__TO DO__:
Could you restate the data below word for word, without its pictures?

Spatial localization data
»»

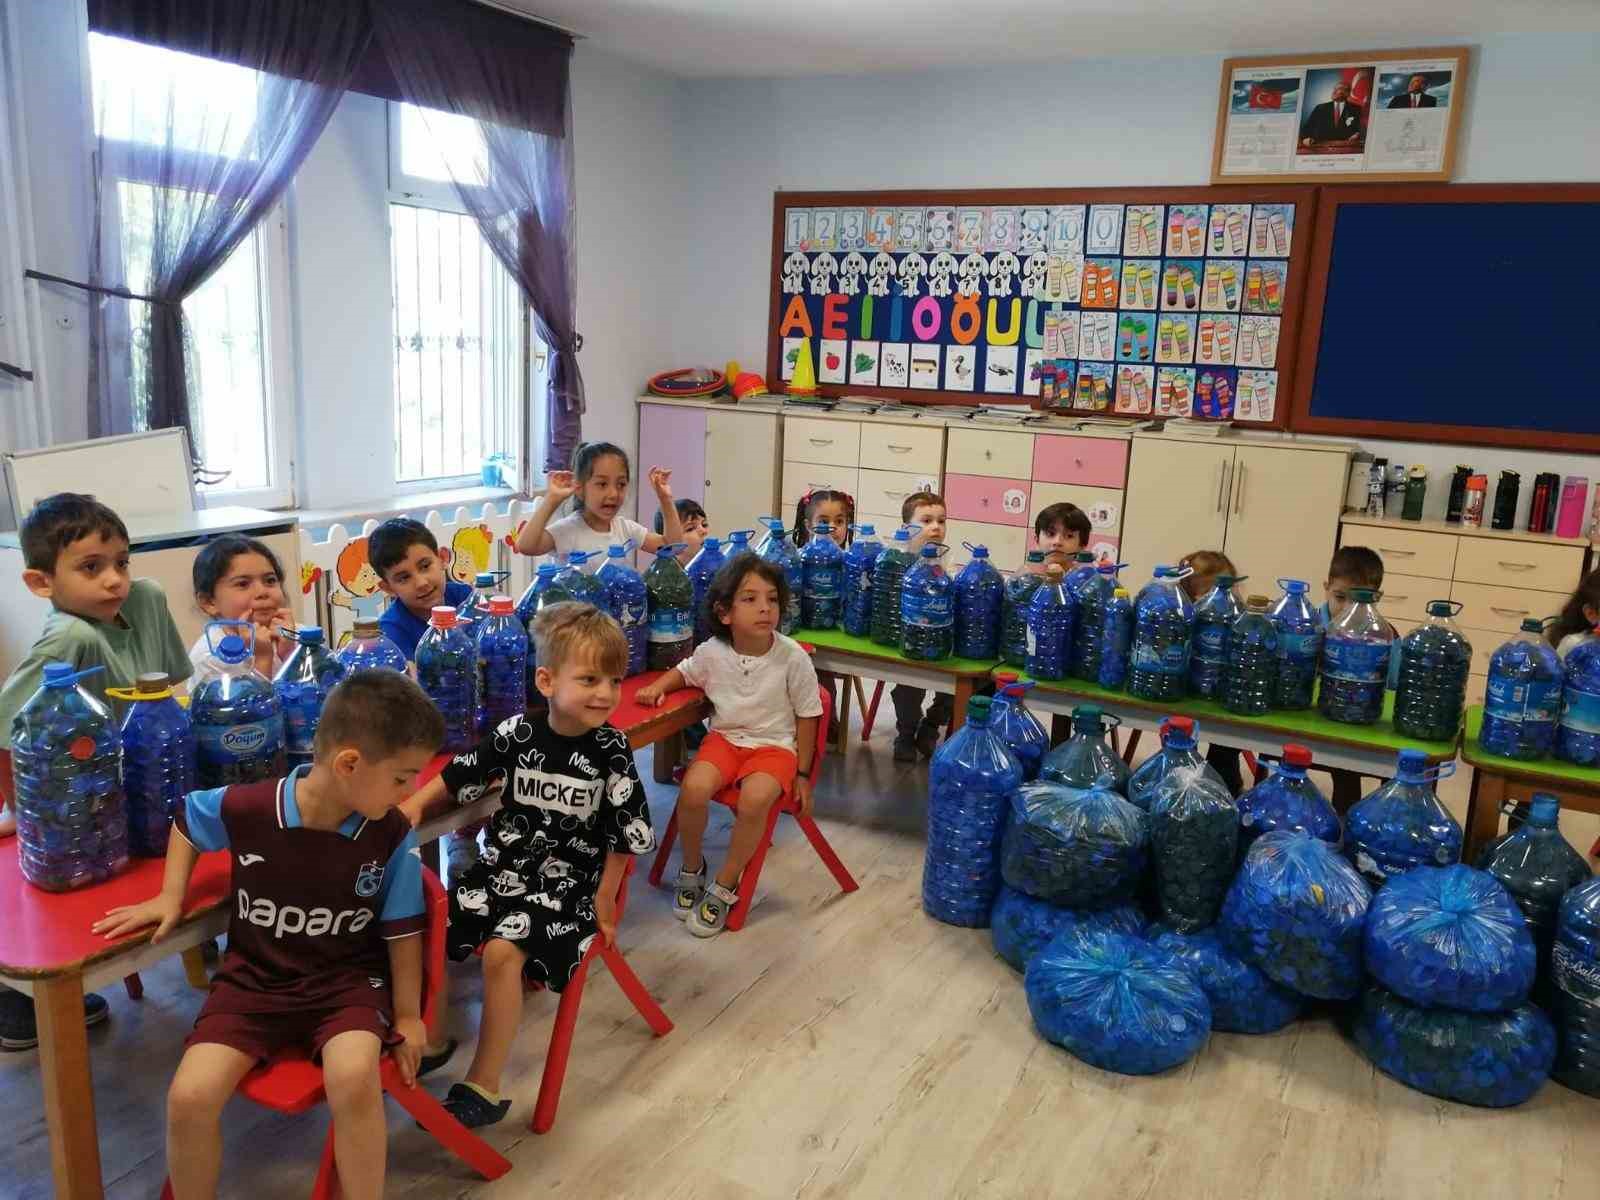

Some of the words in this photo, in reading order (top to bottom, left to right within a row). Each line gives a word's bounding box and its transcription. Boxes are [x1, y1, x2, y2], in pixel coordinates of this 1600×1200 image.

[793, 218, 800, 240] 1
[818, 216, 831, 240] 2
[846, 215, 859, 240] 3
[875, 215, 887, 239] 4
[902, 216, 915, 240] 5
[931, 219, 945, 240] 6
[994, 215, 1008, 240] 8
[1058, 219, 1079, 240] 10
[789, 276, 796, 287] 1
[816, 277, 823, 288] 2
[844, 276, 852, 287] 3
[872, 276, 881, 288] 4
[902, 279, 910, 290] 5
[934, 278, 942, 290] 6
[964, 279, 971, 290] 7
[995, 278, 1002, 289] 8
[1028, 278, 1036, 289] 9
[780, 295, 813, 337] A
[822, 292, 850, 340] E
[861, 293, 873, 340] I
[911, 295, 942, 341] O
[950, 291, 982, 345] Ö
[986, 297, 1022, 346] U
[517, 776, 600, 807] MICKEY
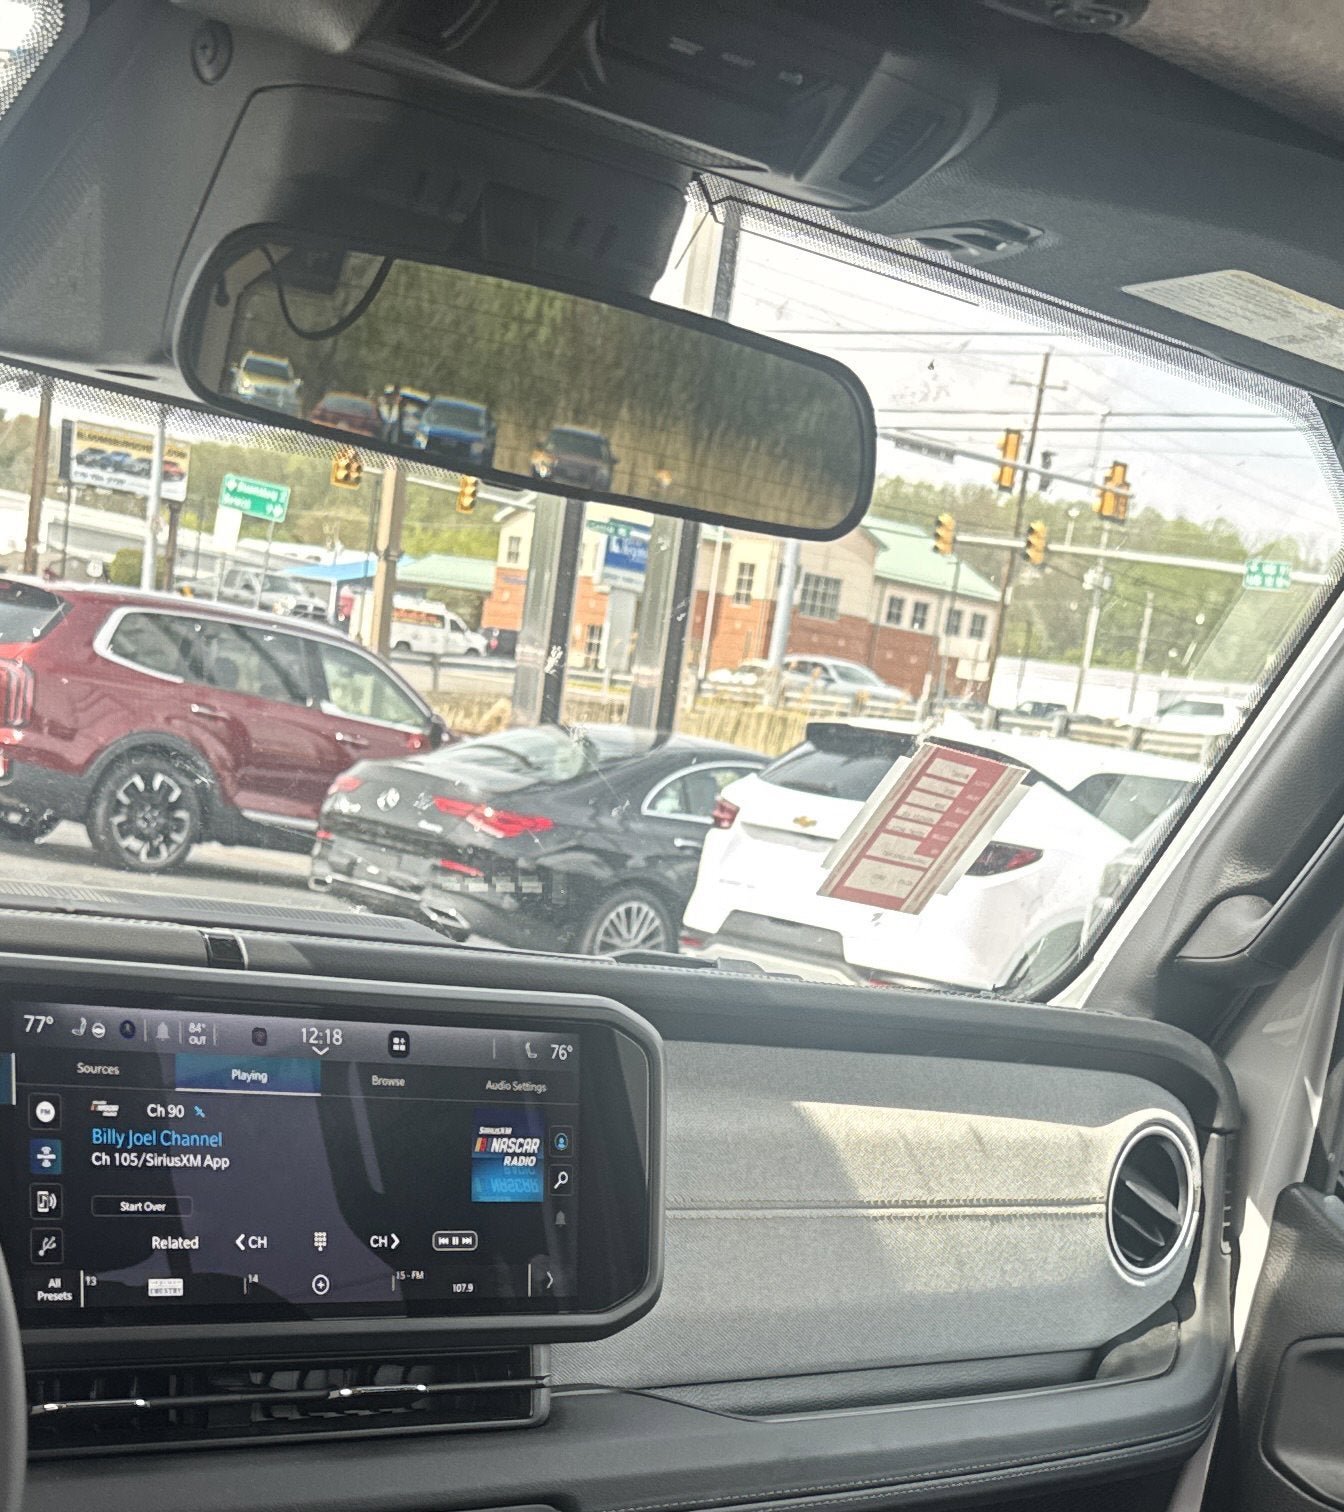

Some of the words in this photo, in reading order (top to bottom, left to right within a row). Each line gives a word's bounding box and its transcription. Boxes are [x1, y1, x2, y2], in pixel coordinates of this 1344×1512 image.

««

__EXERCISE ANSWER__:
Some of the words in this photo, in reading order (top to bottom, left to right within a row). Each line gives a word's bounding box and its transcription. Boxes are [x1, y1, x2, y2], in pixel coordinates of this 1600×1200 image.

[793, 218, 800, 240] 1
[818, 216, 831, 240] 2
[846, 215, 859, 240] 3
[875, 215, 887, 239] 4
[902, 216, 915, 240] 5
[931, 219, 945, 240] 6
[994, 215, 1008, 240] 8
[1058, 219, 1079, 240] 10
[789, 276, 796, 287] 1
[816, 277, 823, 288] 2
[844, 276, 852, 287] 3
[872, 276, 881, 288] 4
[902, 279, 910, 290] 5
[934, 278, 942, 290] 6
[964, 279, 971, 290] 7
[995, 278, 1002, 289] 8
[1028, 278, 1036, 289] 9
[780, 295, 813, 337] A
[822, 292, 850, 340] E
[861, 293, 873, 340] I
[911, 295, 942, 341] O
[950, 291, 982, 345] Ö
[986, 297, 1022, 346] U
[517, 776, 600, 807] MICKEY

Some of the words in this photo, in reading order (top to bottom, left to right within a row). Each line gives a word's bounding box and its transcription. Boxes are [x1, y1, x2, y2], in pixel coordinates of this 1344×1512 image.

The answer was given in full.